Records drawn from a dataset
________________________________________

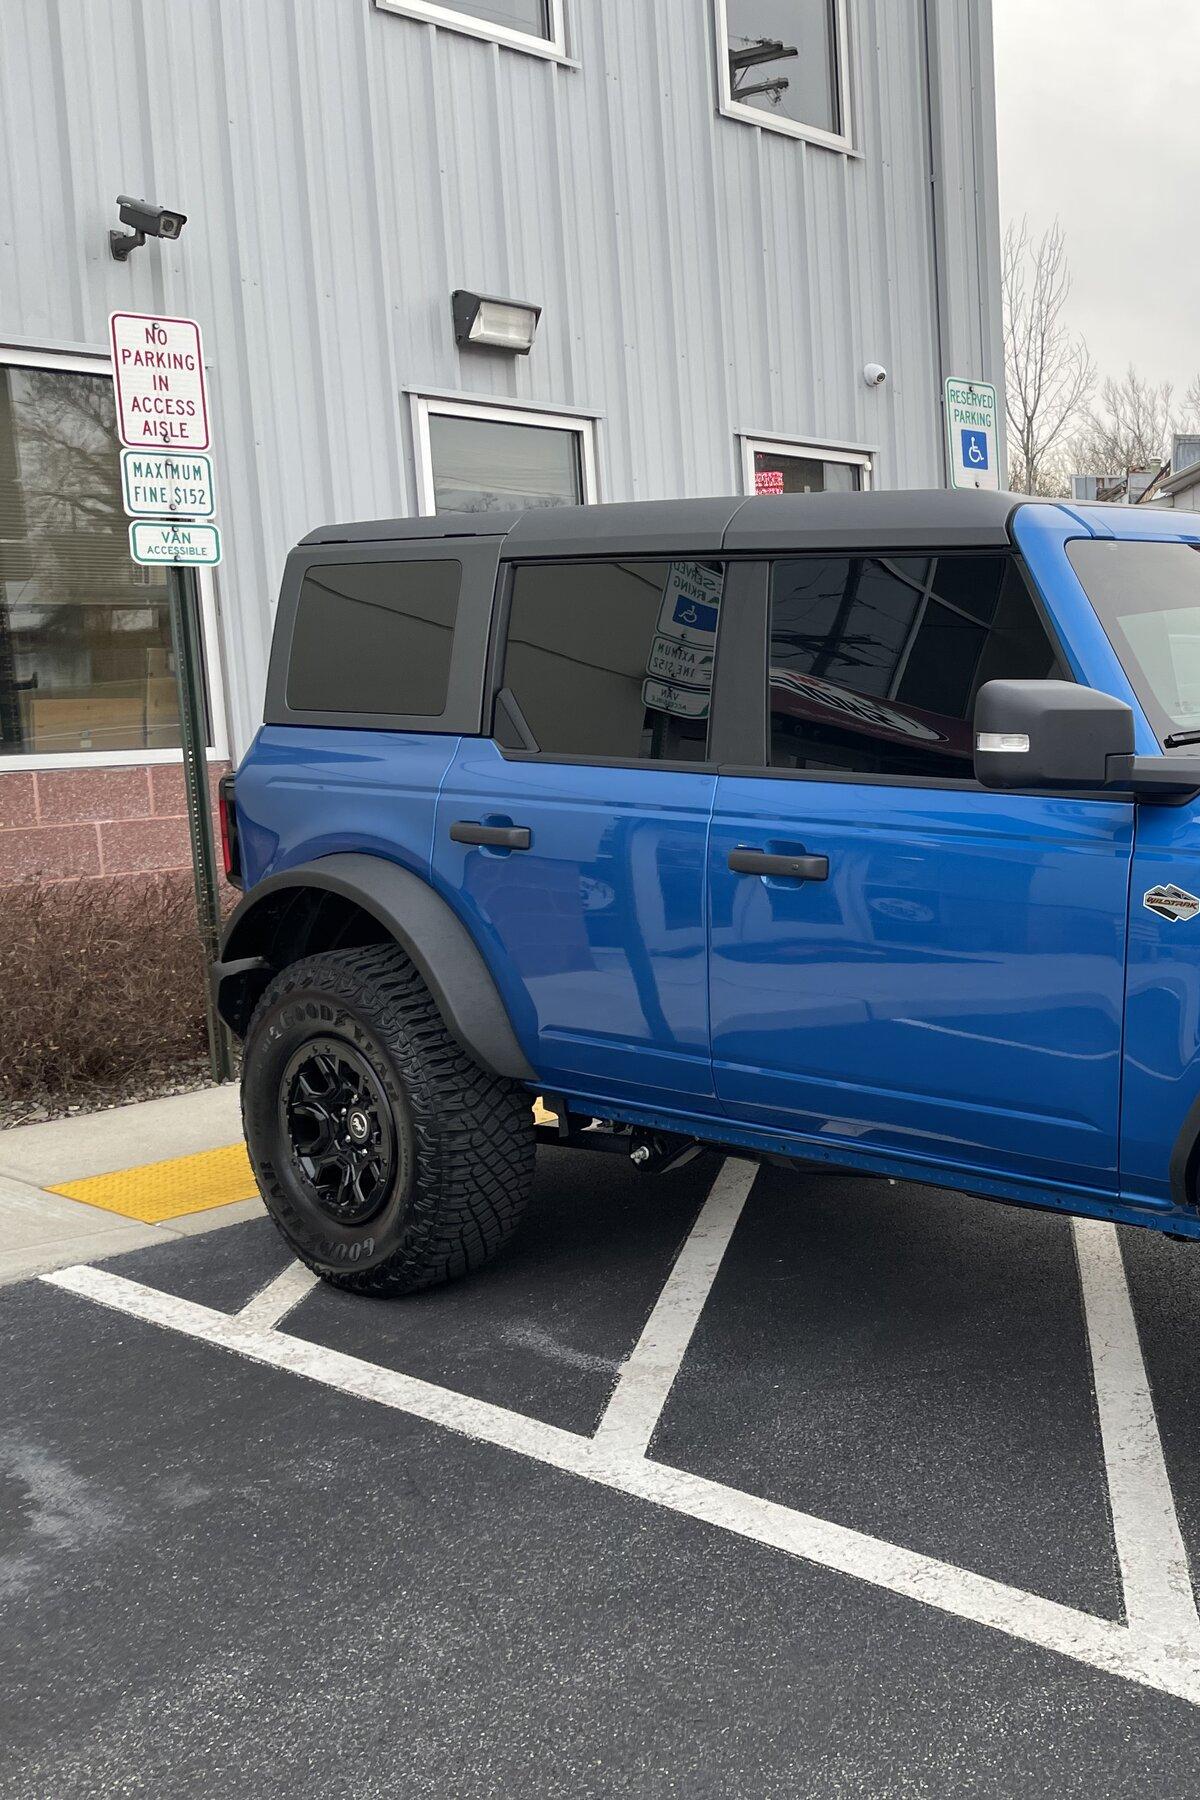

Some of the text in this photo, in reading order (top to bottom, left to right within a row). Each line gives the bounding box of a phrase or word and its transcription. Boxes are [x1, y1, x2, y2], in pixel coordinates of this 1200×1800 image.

[145, 328, 168, 346] NO
[122, 349, 195, 371] PARKING
[153, 375, 169, 392] IN
[131, 396, 195, 416] ACCESS
[950, 389, 993, 409] RESERVED
[954, 409, 992, 427] PARKING
[143, 420, 189, 438] AISLE
[134, 462, 202, 481] MAXIMUM
[135, 487, 206, 505] FINE $152
[162, 532, 191, 544] VAN
[147, 546, 208, 556] ACCESSIBLE
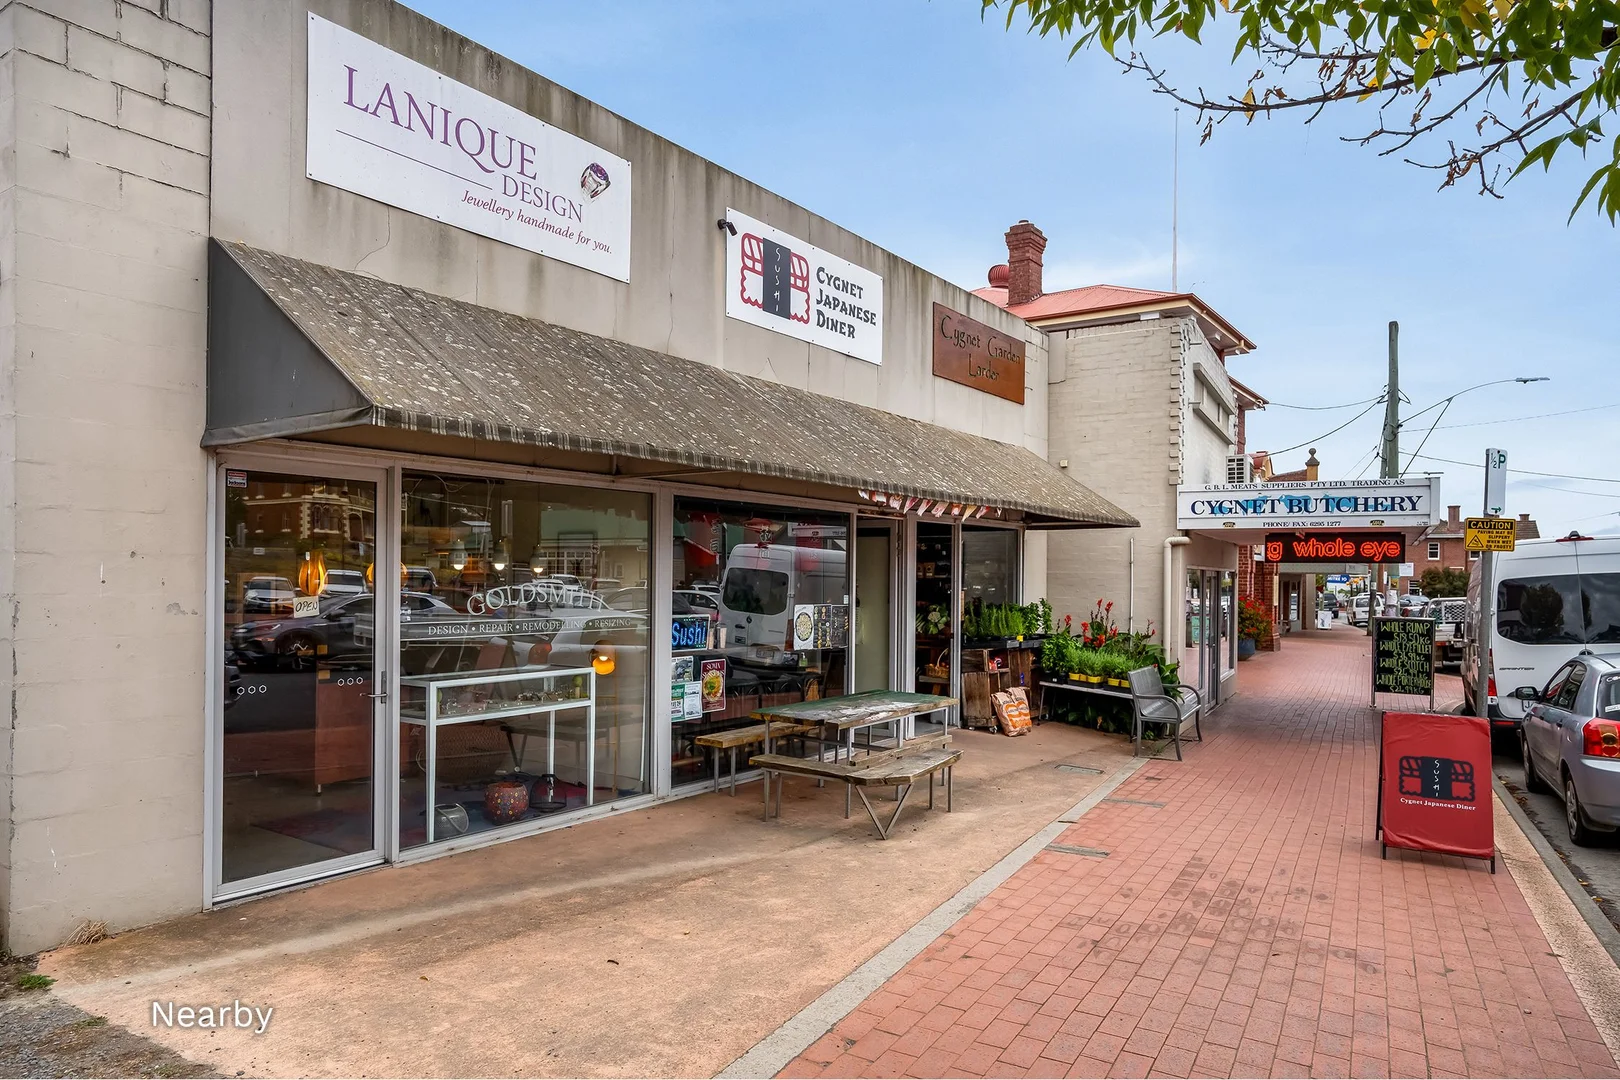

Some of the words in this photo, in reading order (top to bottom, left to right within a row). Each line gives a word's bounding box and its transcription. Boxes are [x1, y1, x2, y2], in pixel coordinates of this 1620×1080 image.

[343, 64, 538, 181] LANIQUE
[502, 174, 584, 223] DESIGN
[461, 190, 514, 221] Jewellery
[517, 209, 575, 240] handmade
[575, 230, 591, 245] for
[593, 239, 612, 255] you.
[773, 247, 781, 312] SUSHI
[816, 266, 864, 300] CYGNET
[816, 288, 877, 326] JAPANESE
[816, 309, 856, 339] DINER
[941, 314, 980, 349] Cygnet
[987, 336, 1021, 364] Garden
[968, 353, 1000, 381] Larder
[1350, 479, 1391, 487] TRADING
[1190, 499, 1281, 516] CYGNET
[1286, 495, 1423, 514] BUTCHERY
[1470, 521, 1512, 530] CAUTION
[1292, 537, 1356, 558] whole
[1360, 541, 1400, 562] eye
[295, 601, 318, 613] OPEN
[466, 583, 606, 616] GOLDSMITH
[428, 624, 469, 636] DESIGN
[479, 623, 513, 634] REPAIR
[522, 620, 587, 632] REMODELLING
[594, 618, 631, 628] RESIZING
[671, 621, 706, 646] Sushi
[1380, 621, 1405, 633] WHOLE
[1405, 621, 1431, 634] RUMP
[1379, 641, 1400, 652] WHOLE
[1380, 658, 1402, 669] WHOLE
[1403, 660, 1430, 673] SCOTCH
[1432, 759, 1440, 798] SUSHI
[1400, 797, 1423, 805] Cygnet
[1424, 800, 1455, 809] Japanese
[1456, 803, 1476, 811] Diner

________________________________________

### Assigned task
Give the data again word for word, without pictures.

### Output of the exercise
Some of the text in this photo, in reading order (top to bottom, left to right within a row). Each line gives the bounding box of a phrase or word and its transcription. Boxes are [x1, y1, x2, y2], in pixel coordinates of this 1200×1800 image.

[145, 328, 168, 346] NO
[122, 349, 195, 371] PARKING
[153, 375, 169, 392] IN
[131, 396, 195, 416] ACCESS
[950, 389, 993, 409] RESERVED
[954, 409, 992, 427] PARKING
[143, 420, 189, 438] AISLE
[134, 462, 202, 481] MAXIMUM
[135, 487, 206, 505] FINE $152
[162, 532, 191, 544] VAN
[147, 546, 208, 556] ACCESSIBLE

Some of the words in this photo, in reading order (top to bottom, left to right within a row). Each line gives a word's bounding box and its transcription. Boxes are [x1, y1, x2, y2], in pixel coordinates of this 1620×1080 image.

[343, 64, 538, 181] LANIQUE
[502, 174, 584, 223] DESIGN
[461, 190, 514, 221] Jewellery
[517, 209, 575, 240] handmade
[575, 230, 591, 245] for
[593, 239, 612, 255] you.
[773, 247, 781, 312] SUSHI
[816, 266, 864, 300] CYGNET
[816, 288, 877, 326] JAPANESE
[816, 309, 856, 339] DINER
[941, 314, 980, 349] Cygnet
[987, 336, 1021, 364] Garden
[968, 353, 1000, 381] Larder
[1350, 479, 1391, 487] TRADING
[1190, 499, 1281, 516] CYGNET
[1286, 495, 1423, 514] BUTCHERY
[1470, 521, 1512, 530] CAUTION
[1292, 537, 1356, 558] whole
[1360, 541, 1400, 562] eye
[295, 601, 318, 613] OPEN
[466, 583, 606, 616] GOLDSMITH
[428, 624, 469, 636] DESIGN
[479, 623, 513, 634] REPAIR
[522, 620, 587, 632] REMODELLING
[594, 618, 631, 628] RESIZING
[671, 621, 706, 646] Sushi
[1380, 621, 1405, 633] WHOLE
[1405, 621, 1431, 634] RUMP
[1379, 641, 1400, 652] WHOLE
[1380, 658, 1402, 669] WHOLE
[1403, 660, 1430, 673] SCOTCH
[1432, 759, 1440, 798] SUSHI
[1400, 797, 1423, 805] Cygnet
[1424, 800, 1455, 809] Japanese
[1456, 803, 1476, 811] Diner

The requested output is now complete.